Let $y \in \mathbb{R}$ be some response variable of interest, and let $x \in \mathbb{R}^p$ be a vector of features or predictors that we want to use to model the response. In linear regression, we are trying to estimate the conditional mean function, $\mathbb{E}[y \mid x]$, by a linear combination of the features.

While the conditional mean function is often what we want to model, sometimes we may want to model something else. On a recent episode of the Linear Digressions podcast, Katie and Ben talked about a situation in Uber where it might make sense to model a conditional quantile function.

Let’s make this more concrete. Say Uber came up with a new algorithm for dispatching drivers and we are interested in how this algorithm fares in terms of wait times for consumers. A simple (linear regression) model for this is

$\mathbb{E}[wait\_time \mid algorithm] = a + b \cdot algorithm,$

where $algorithm = 1$ if the new algorithm was used to dispatch a driver, and $algorithm = 0$ if the previous algorithm was used. From this model, we can say that under the old algorithm, mean wait time was $a$, but under the new algorithm, mean wait time is $a + b$. So if $b < 0$, I would infer that my new algorithm is “doing better”.

But is it really? What if the new algorithm improves wait times for 90% of customers by 1 min, but makes the wait times for the remaining 10% longer by 5 min? Overall, I would see a decrease in mean wait time, but things got significantly worse for a segment of my population. What if that 10% whose wait times became 5 minutes longer were already having the longest wait times to begin with? That seems like a bad situation to have, but our earlier model would not pick it up.

One way to pick up such situations is to model conditional quantile functions instead. That is, trying to estimate the mean of $y$ given the features $x$, let’s trying to estimate a quantile of $y$ given the features $x$. In our example above, instead of trying to estimate the mean wait time, we could estimate the 95th quantile wait time to catch anything going wrong out in the tails of the distribution.

Another example where estimating conditional quantiles is useful is in growth charts. All of you have probably seen one of these charts below in a doctor’s office before.
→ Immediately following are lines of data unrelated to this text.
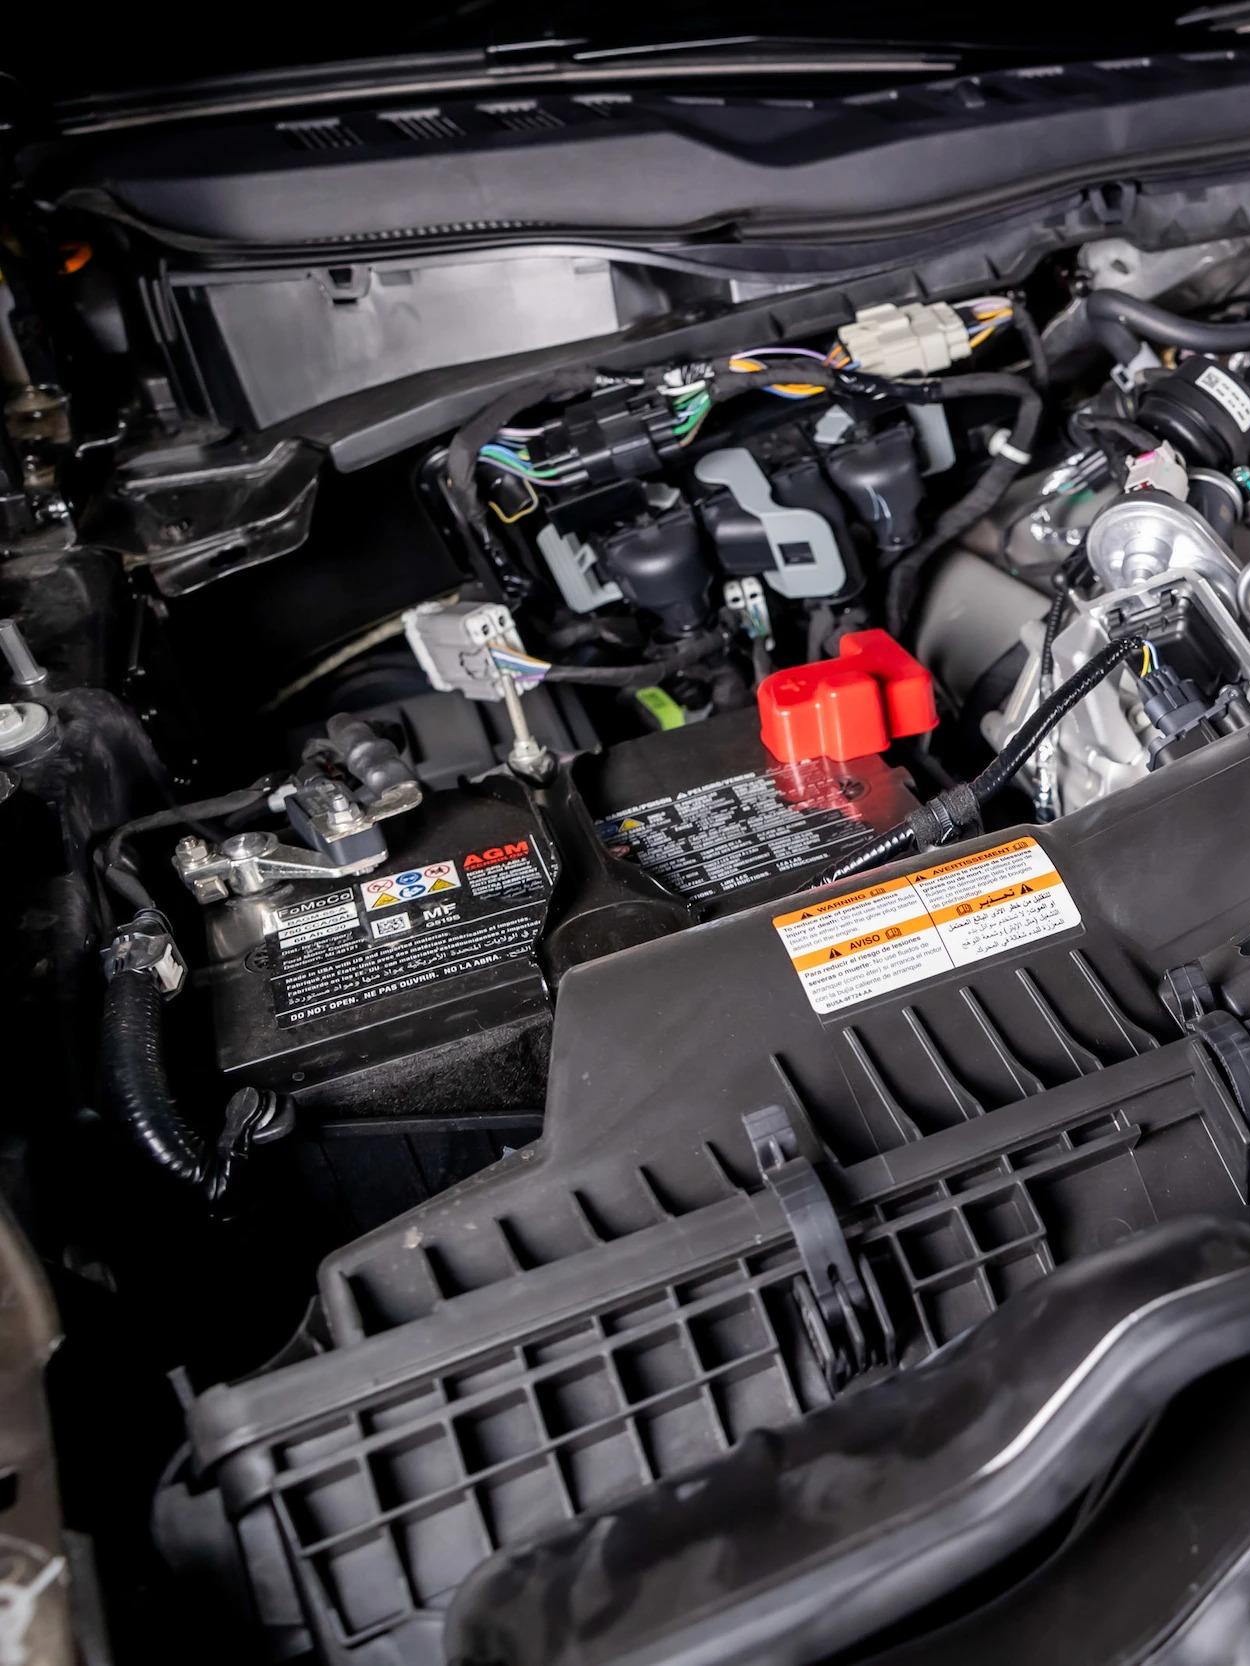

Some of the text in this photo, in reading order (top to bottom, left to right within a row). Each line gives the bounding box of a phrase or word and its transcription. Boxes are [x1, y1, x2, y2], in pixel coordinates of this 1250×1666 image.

[463, 840, 529, 869] AGM
[919, 878, 935, 888] Pour
[937, 870, 960, 882] réduire
[969, 861, 989, 872] risque
[1000, 848, 1031, 861] blessures
[933, 846, 1009, 875] AVERTISSEMENT
[922, 882, 945, 893] graves
[1012, 856, 1023, 864] pas
[925, 886, 947, 898] fluides
[957, 872, 990, 888] démarrage
[954, 883, 976, 894] moteur
[1008, 865, 1031, 878] bougies
[279, 891, 350, 918] FoMoCo
[422, 901, 456, 921] MF
[794, 918, 817, 929] reduce
[819, 913, 830, 921] risk
[843, 900, 871, 914] possible
[873, 892, 897, 903] serious
[816, 894, 866, 912] WARNING
[931, 901, 939, 909] de
[283, 912, 352, 936] 750 CCA/SAE
[326, 923, 346, 933] C20
[787, 928, 806, 939] injury
[817, 918, 838, 928] death:
[840, 913, 850, 921] Do
[789, 934, 808, 945] (such
[840, 920, 853, 928] with
[866, 910, 881, 920] glow
[882, 905, 896, 916] plug
[377, 954, 393, 963] avec
[396, 949, 408, 957] des
[850, 933, 879, 950] AVISO
[285, 973, 306, 983] Made
[317, 965, 333, 974] USA
[335, 960, 350, 969] with
[352, 956, 363, 964] US
[364, 951, 378, 960] and
[380, 941, 412, 956] imported
[414, 930, 450, 946] materials.
[804, 968, 821, 979] Para
[823, 959, 847, 972] reducir
[858, 948, 880, 962] riesgo
[881, 945, 890, 953] de
[891, 935, 920, 949] lesiones
[808, 973, 836, 986] severas
[844, 960, 871, 974] muerte:
[873, 956, 882, 965] No
[884, 952, 896, 961] use
[897, 944, 919, 956] fluidos
[920, 941, 928, 949] de
[812, 980, 841, 996] arranque
[844, 972, 863, 985] (como
[890, 955, 914, 968] arranca
[923, 945, 941, 956] motor
[291, 952, 501, 1021] DO NOT OPEN. NE PAS OUVRIR. NO LA ABRA.
[815, 994, 827, 1003] con
[837, 983, 853, 996] bujía
[855, 975, 880, 989] caliente
[882, 971, 890, 980] de
[892, 961, 921, 976] arranque
Each line in the growth chart represents some quantile for length/weight given the person’s age. We track our children’s length and weight on this chart to see if they are growing normally or not.

WHO growth chart for boys. The lines represent conditional quantile functions for different quantiles: of length given age and weight given age.
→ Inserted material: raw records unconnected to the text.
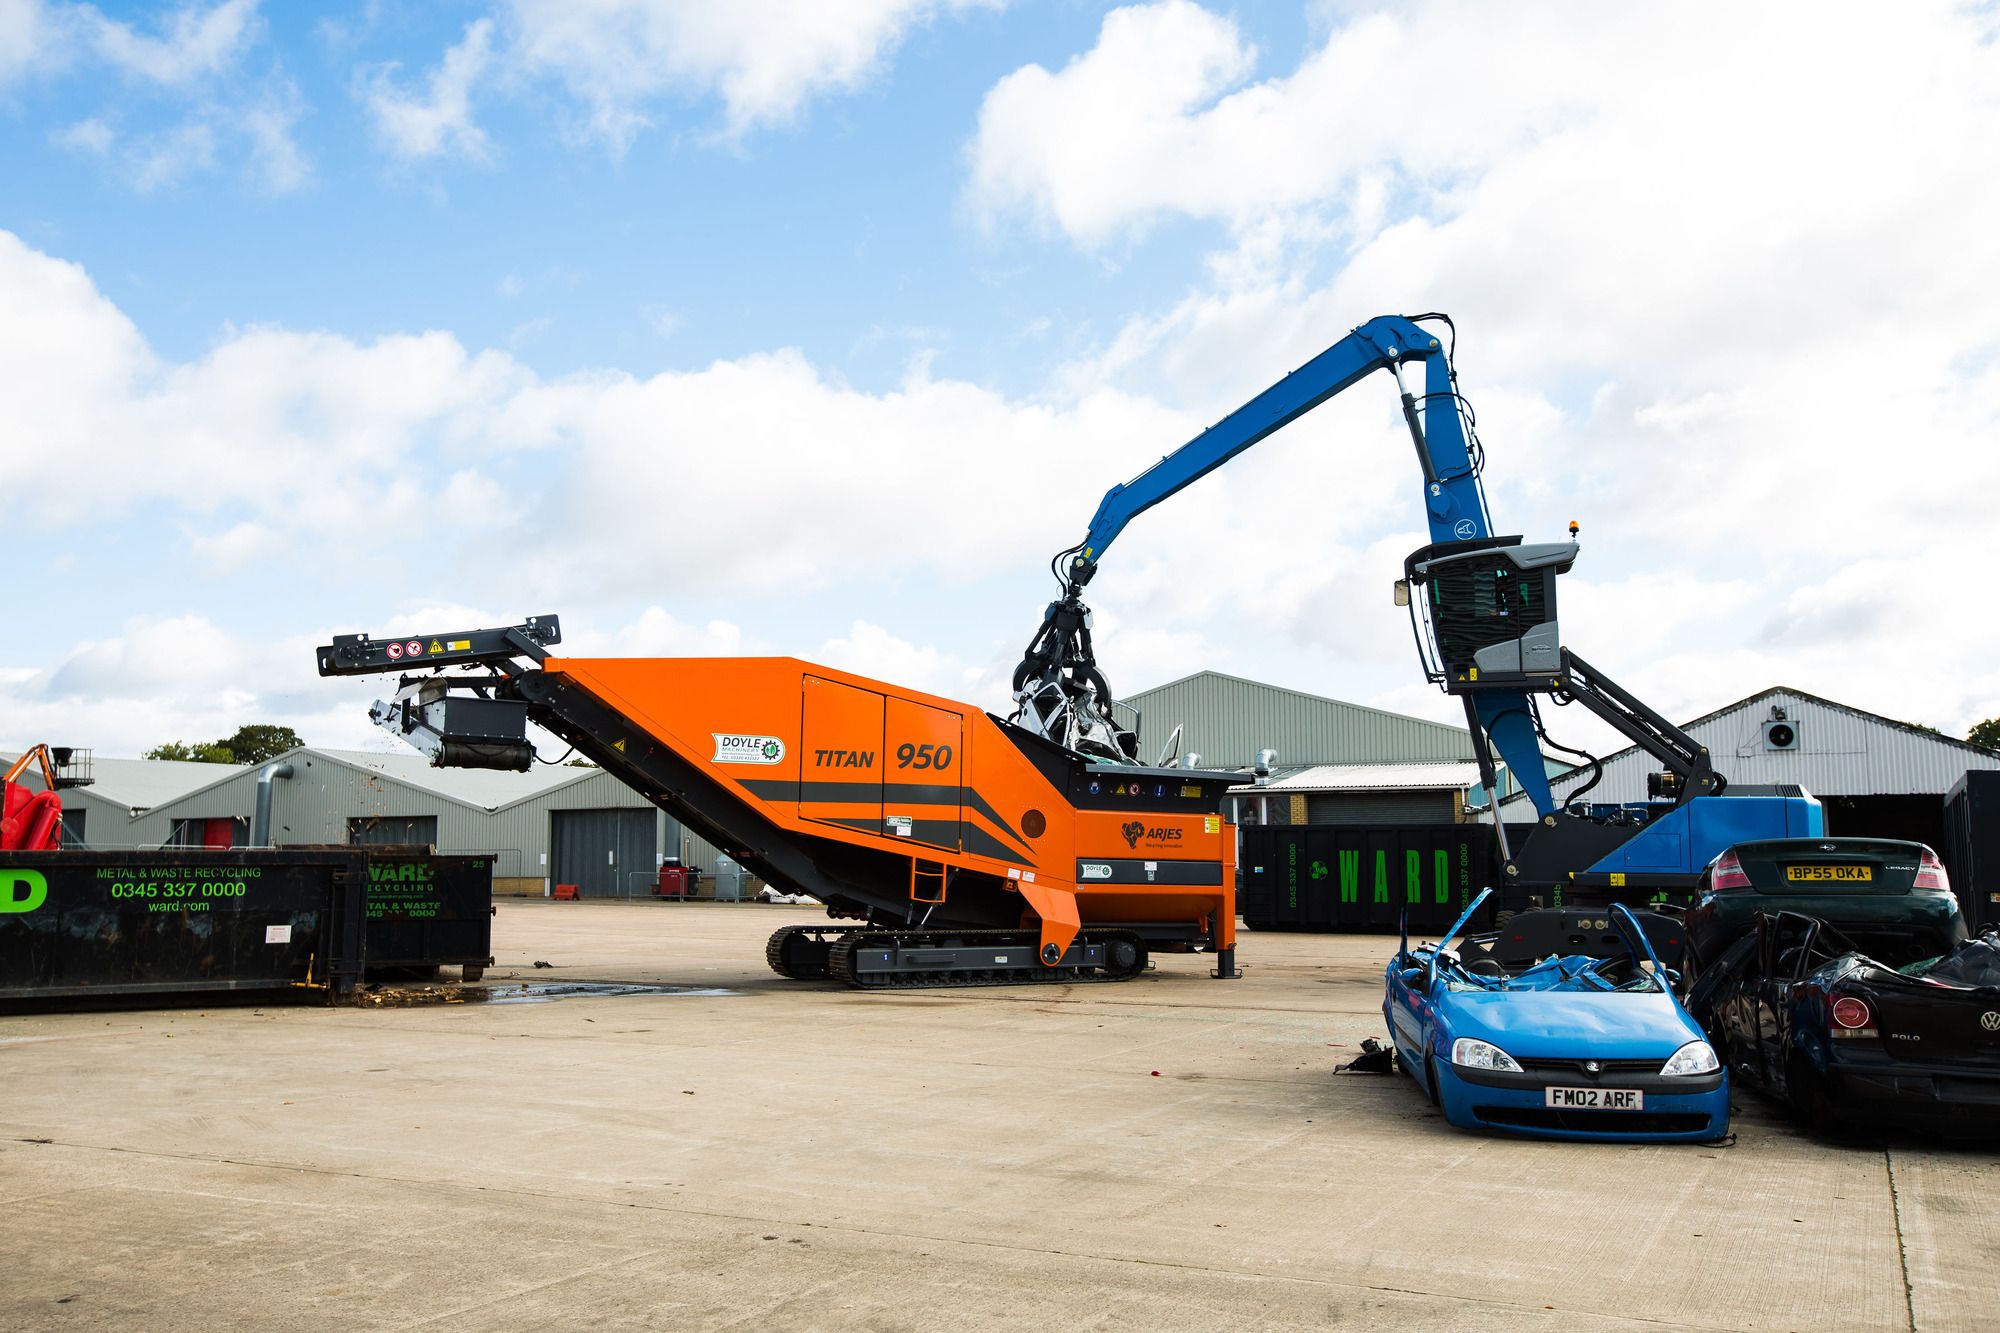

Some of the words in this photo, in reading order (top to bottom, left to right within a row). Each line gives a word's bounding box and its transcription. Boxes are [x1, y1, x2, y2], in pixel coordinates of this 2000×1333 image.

[722, 737, 761, 748] DOYLE
[815, 750, 874, 768] TITAN
[896, 743, 953, 770] 950
[1146, 827, 1183, 842] ARJES
[1289, 842, 1297, 865] 0000
[1460, 843, 1468, 866] 0000
[472, 860, 485, 868] 25
[97, 868, 136, 879] METAL
[139, 868, 147, 878] &
[151, 868, 191, 878] WASTE
[195, 867, 261, 878] RECYCLING
[1794, 867, 1832, 878] BP55
[1836, 867, 1865, 878] OKA
[111, 883, 158, 897] 0345
[163, 882, 197, 897] 337
[202, 882, 246, 897] 0000
[367, 884, 434, 892] ECYCLING
[1289, 885, 1297, 908] 0345
[148, 900, 210, 912] ward.com
[403, 902, 441, 910] WASTE
[409, 910, 437, 918] 0000
[1891, 1033, 1921, 1041] POLO
[1552, 1089, 1598, 1106] FM02
[1603, 1091, 1636, 1108] ARF
Quantile regression is a regression method for estimating these conditional quantile functions. Just as linear regression estimates the conditional mean function as a linear combination of the predictors, quantile regression estimates the conditional quantile function as a linear combination of the predictors.

Quantile regression in R

We can perform quantile regression in R easily with the quantreg package. I will demonstrate how to use it on the mtcars dataset. (For more details on the quantreg package, you can read the package’s vignette here.)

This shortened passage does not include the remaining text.